Mas é uma pena, de verdade, porque se ao menos essas crianças fossem bem construídas, com anseios, medos e conflitos internos, isso tudo poderia ser relevado, até porque, como eu disse, a premissa da história é muito tocante e emocionante. Ou melhor... seria, se uma premissa criativa, execução boa e trama fechada salvasse uma história com personagens medíocres. Na minha opinião, não salva. Eu troco toda construção de mundo por personagens memoráveis e relacionamentos coerentes.
3) Outros detalhes que me incomodaram:
* No final do livro, a história abandona o uso de cenas como ferramenta narrativa e vira um relato descarado. Já estava difícil me conectar com as ações dos personagens, mas quando a narração desiste de vez de “mostrar”, o negócio vira um show de horrores de “contar”. (“Harry era um bom filho”, “A amizade dos dois se desenvolveu naturalmente, rápida, simples e harmoniosa. Era fácil serem amigos”, “Damon parecia uma boa pessoa”). Admiro os leitores que conseguem imaginar uma boa pessoa concreta sem saber as coisas boas concretas que ela fez, que consegue criar uma amizade natural do zero em sua cabeça sem ver uma amizade natural acontecendo na página. Eu posso até aceitar que essas coisas aconteceram, mas não consigo acreditar na honestidade das palavras se elas existem no vácuo, sem uma cena as ancorando a realidade.
* As personagens femininas só existem para servir ao enredo e são tão vazias quanto o resto do cast masculino, então nem sei se posso julgar esse padrão, que aparentemente se aplica tanto a homens quanto a mulheres. Porém não gostei de ver que elas só servem para possível interesse romântico, e assim que essa utilidade é descartada, elas são também.
* Achei a violência e o tom dos conteúdos sérios abordados no livro bastante superficial.

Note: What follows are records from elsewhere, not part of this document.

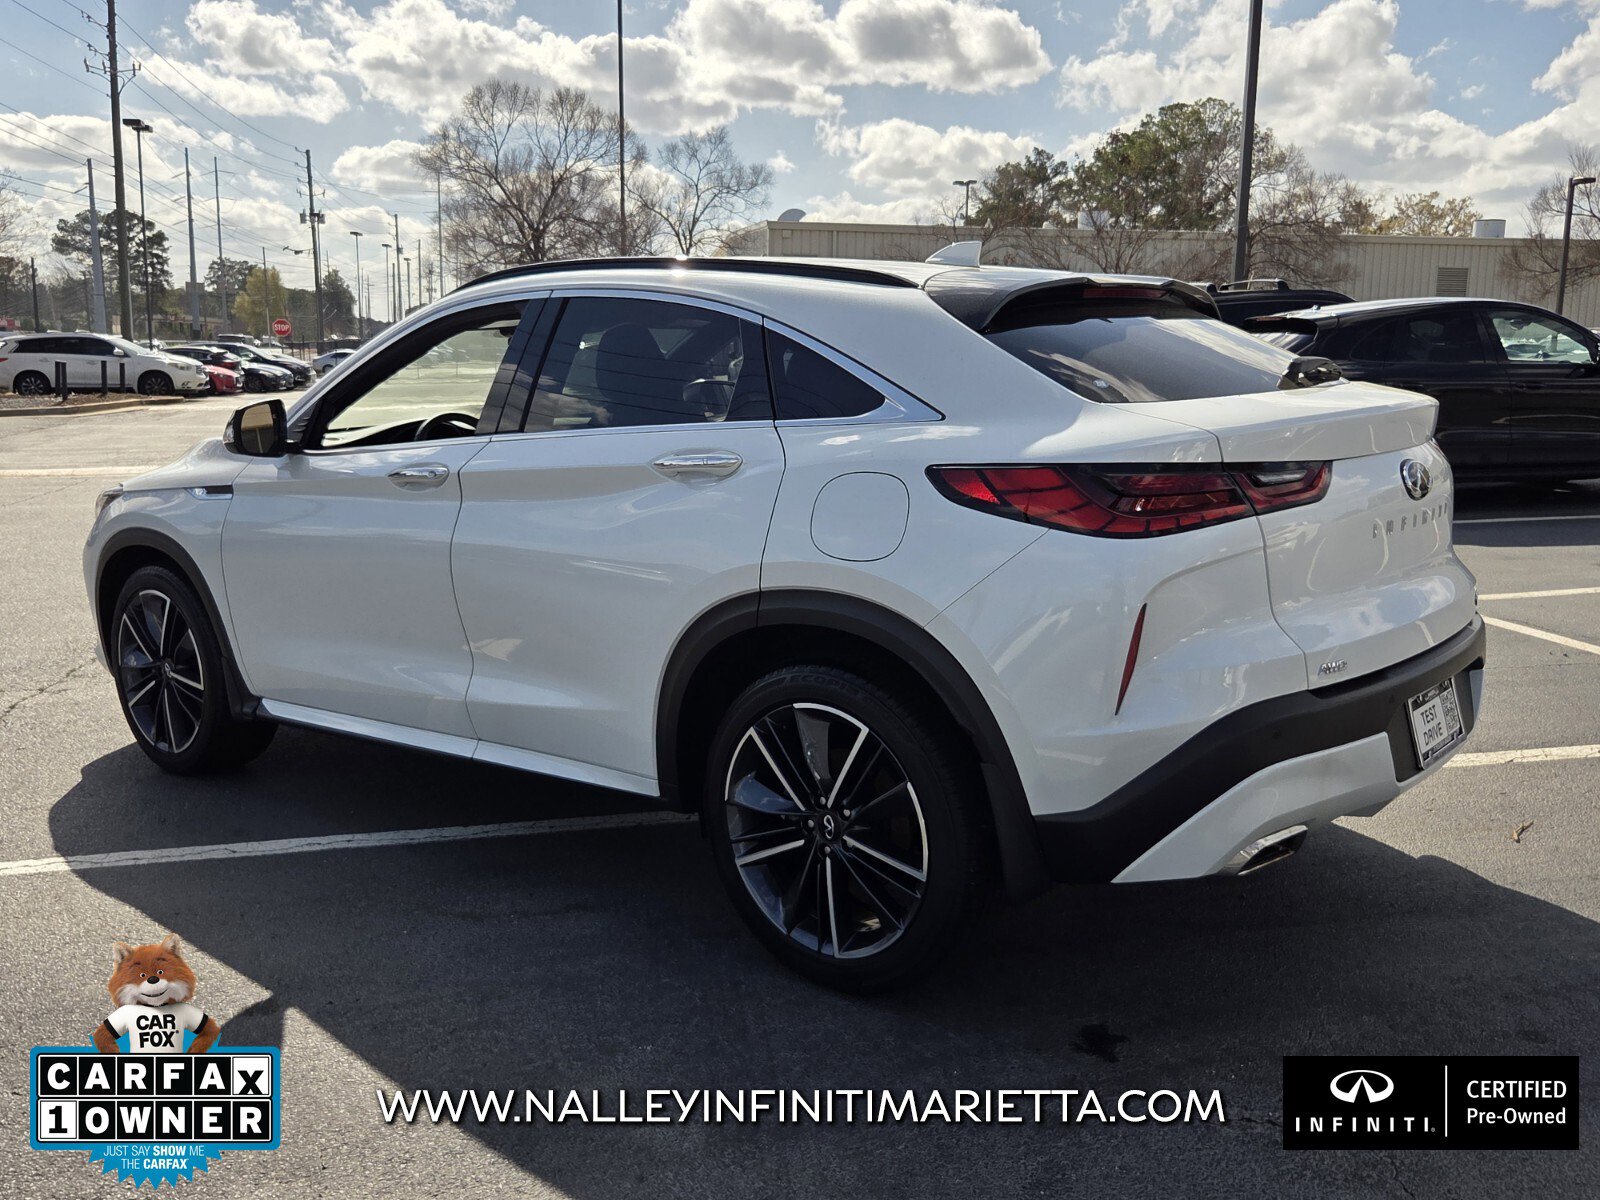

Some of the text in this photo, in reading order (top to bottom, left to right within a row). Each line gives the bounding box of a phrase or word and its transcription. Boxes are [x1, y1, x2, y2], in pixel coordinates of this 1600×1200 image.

[274, 323, 290, 331] STOP
[1420, 704, 1438, 726] TEST
[1423, 721, 1444, 746] DRIVE
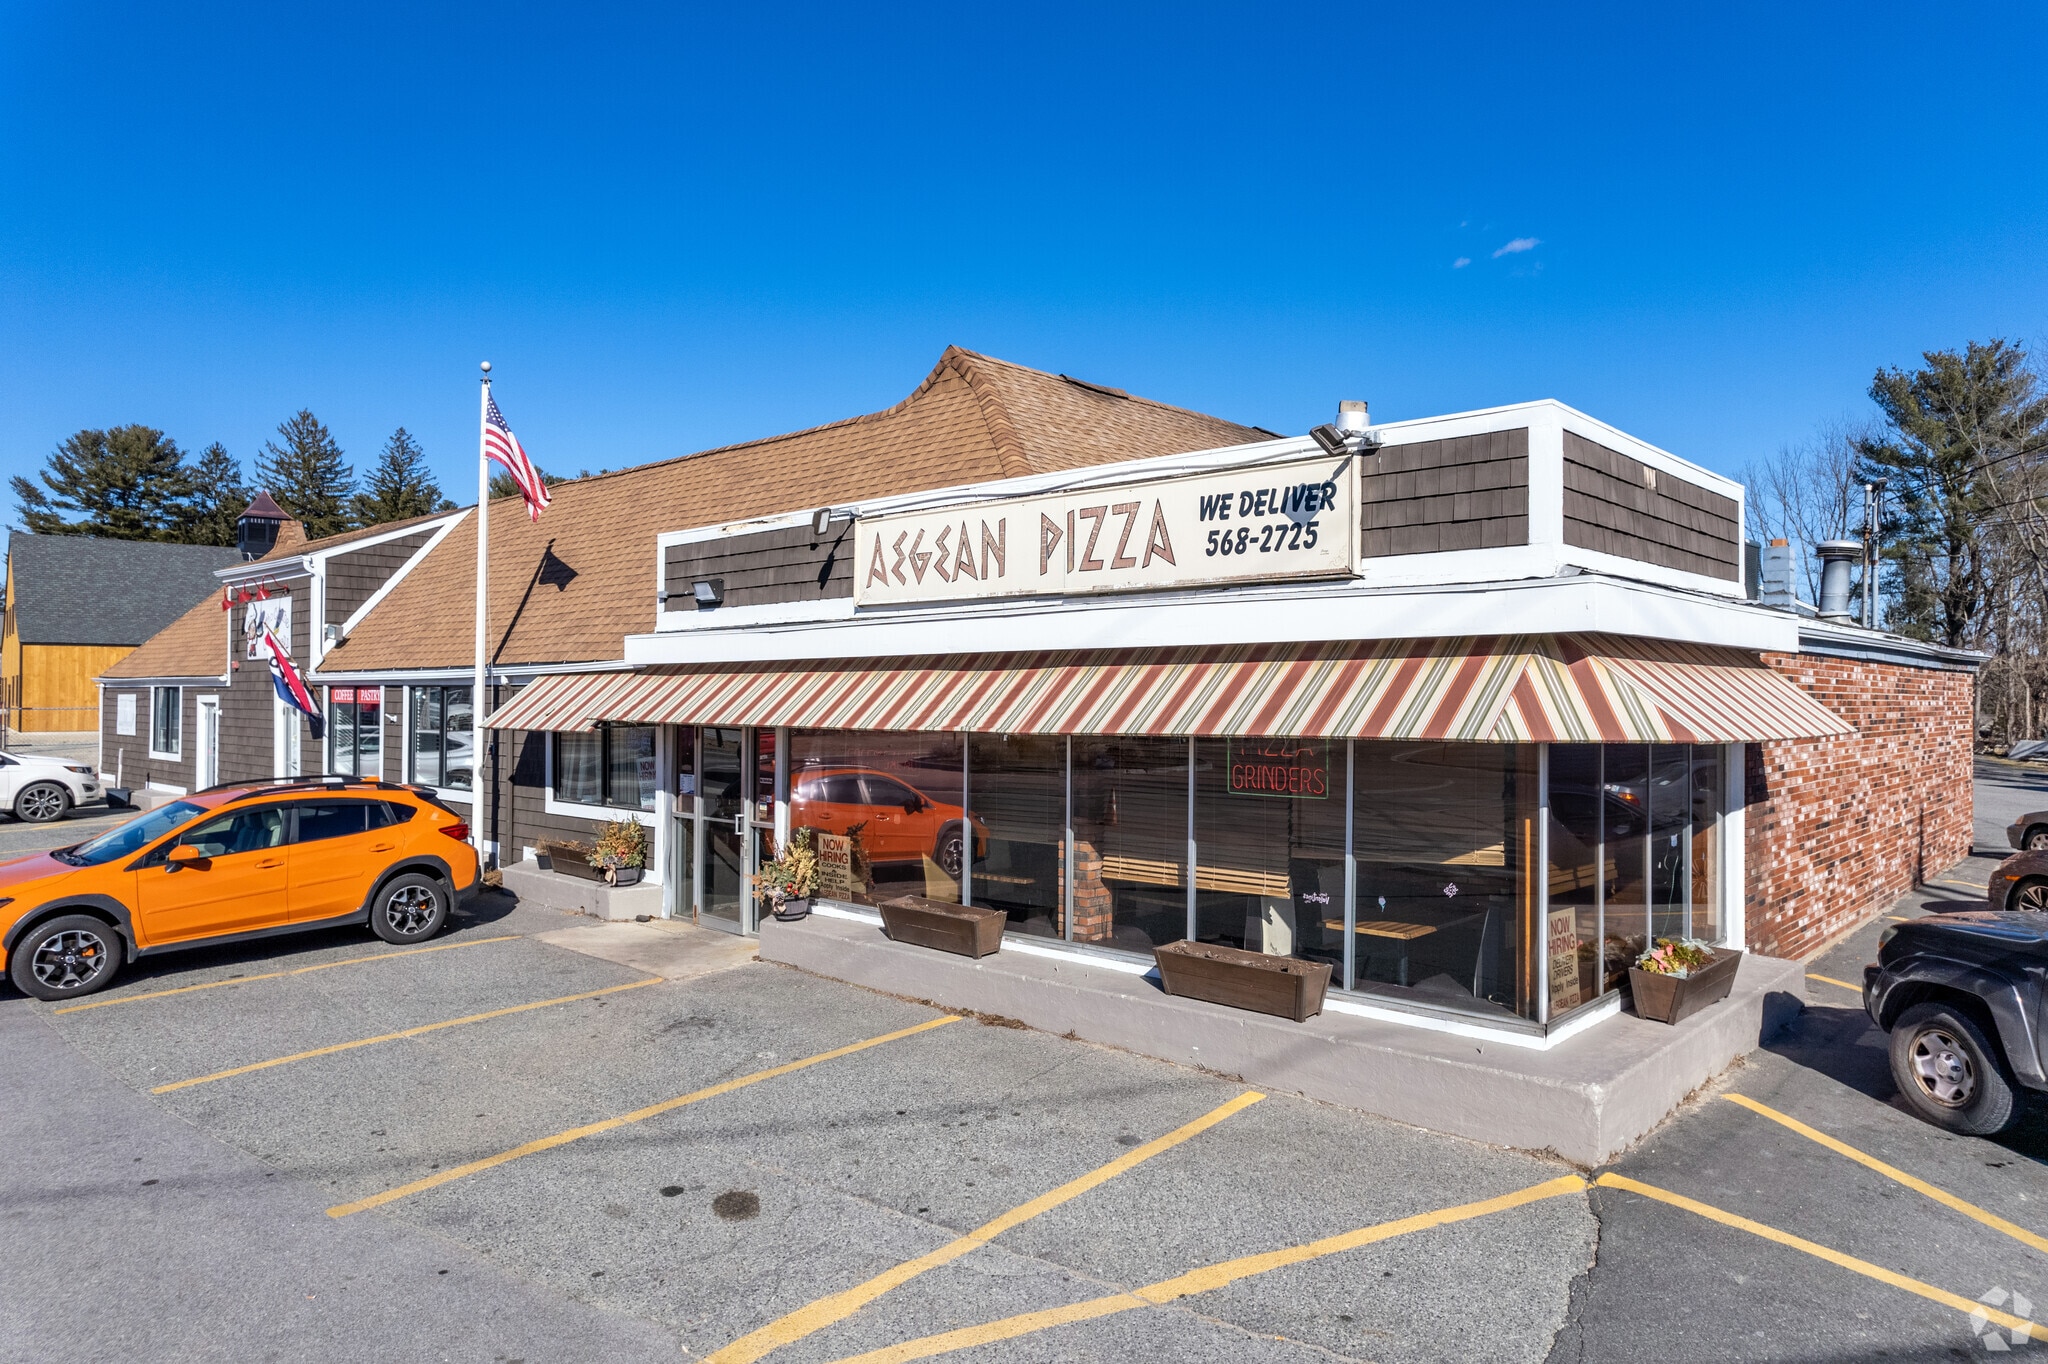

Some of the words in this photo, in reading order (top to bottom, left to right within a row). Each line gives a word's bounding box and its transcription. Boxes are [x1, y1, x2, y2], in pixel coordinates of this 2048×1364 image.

[1199, 493, 1234, 521] WE
[1239, 481, 1337, 517] DELIVER
[866, 517, 1006, 589] AEGEAN
[1040, 498, 1176, 576] PIZZA
[1205, 520, 1319, 557] 568-2725
[334, 689, 354, 701] COFFEE
[360, 689, 381, 701] PASTRY
[639, 759, 656, 771] NOW
[1232, 764, 1325, 794] GRINDERS
[823, 839, 843, 851] NOW
[820, 850, 849, 864] HIRING
[822, 862, 847, 870] COOKS
[821, 871, 848, 879] INSIDE
[1550, 915, 1570, 937] NOW
[1548, 932, 1575, 957] HIRING
[1553, 964, 1574, 980] DRIVERS
[1566, 976, 1579, 988] Inside
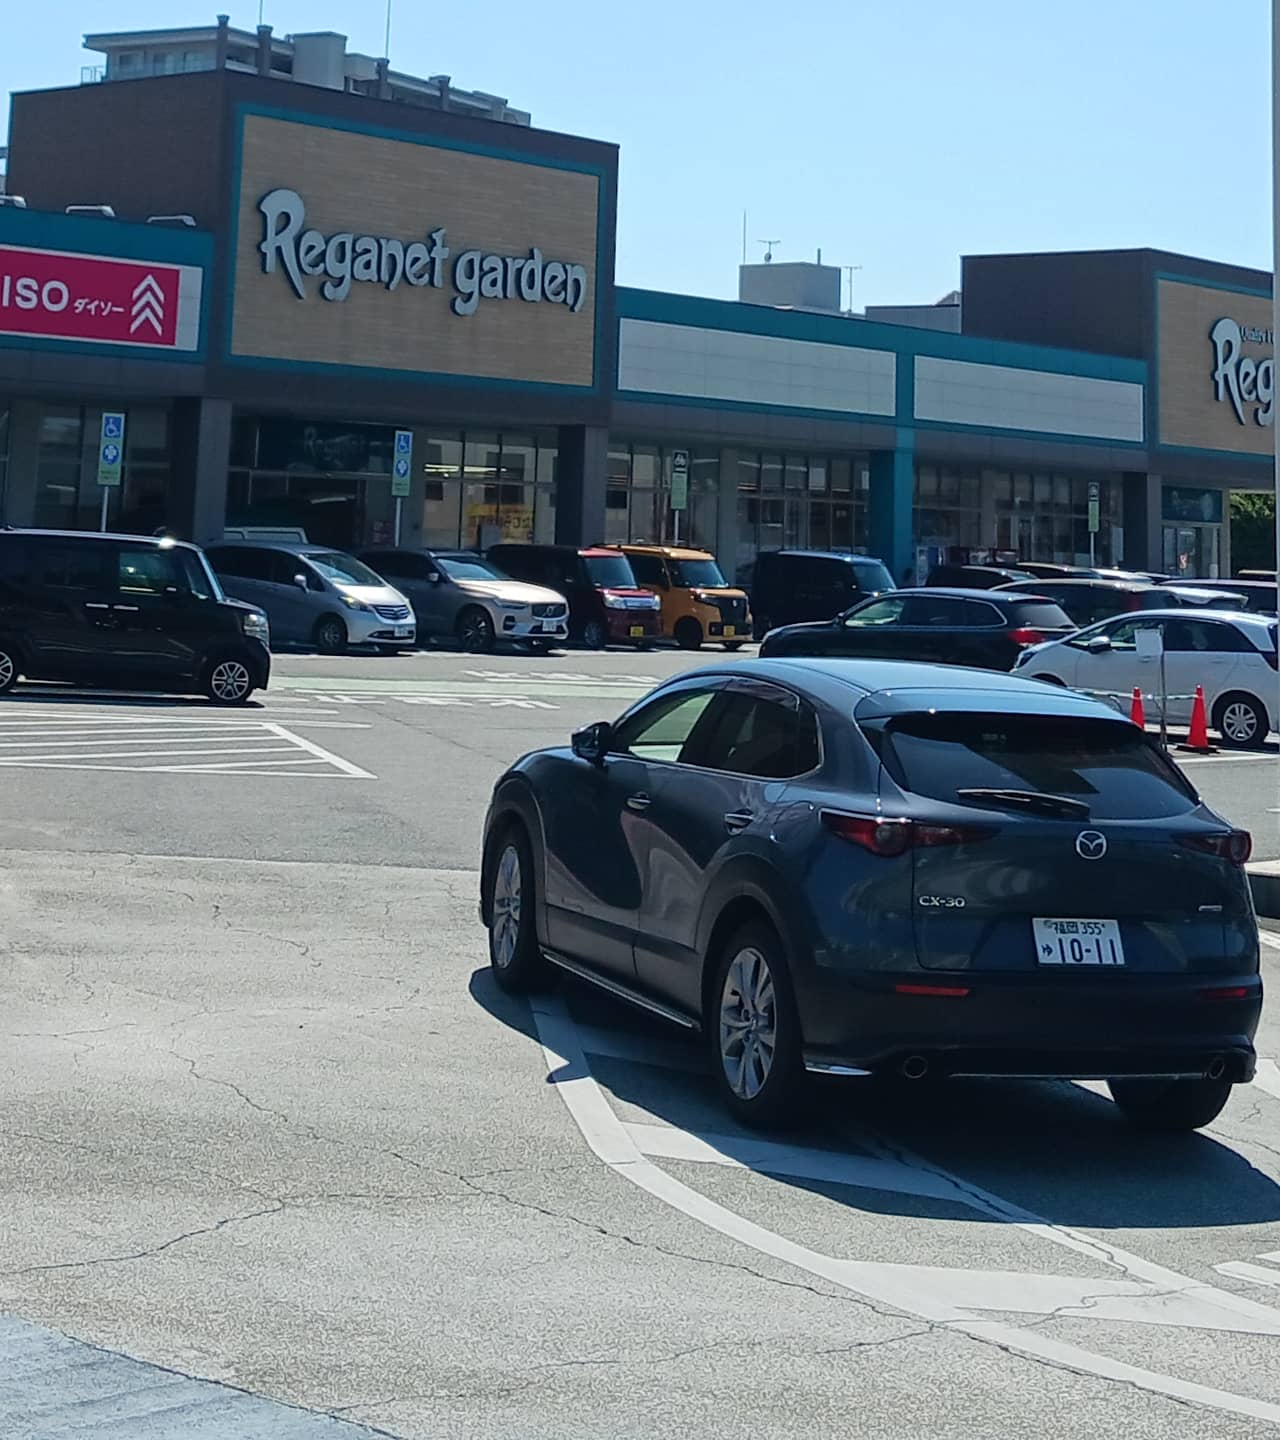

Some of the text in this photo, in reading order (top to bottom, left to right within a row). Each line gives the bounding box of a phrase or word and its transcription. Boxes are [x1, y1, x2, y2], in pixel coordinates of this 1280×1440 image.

[258, 188, 587, 316] Reganet garden
[73, 297, 124, 316] ダイソー
[919, 895, 966, 908] CX-30
[1080, 921, 1102, 935] 355
[1057, 937, 1117, 964] 10-11

Há varias menções e descrições de agressão, tortura, abuso e fiquei sentindo que elas só apareciam para temperar o conflito principal quando este estava meio parado e morno.
Enfim, o livro não funcionou comigo, mas se você gosta de ler sobre adolescentes dramáticos e sem personalidade com seus relacionamentos instantâneos chatos e amores eternos infantis sendo forçadamente colocados no centro do universo, esse livro pode agradar.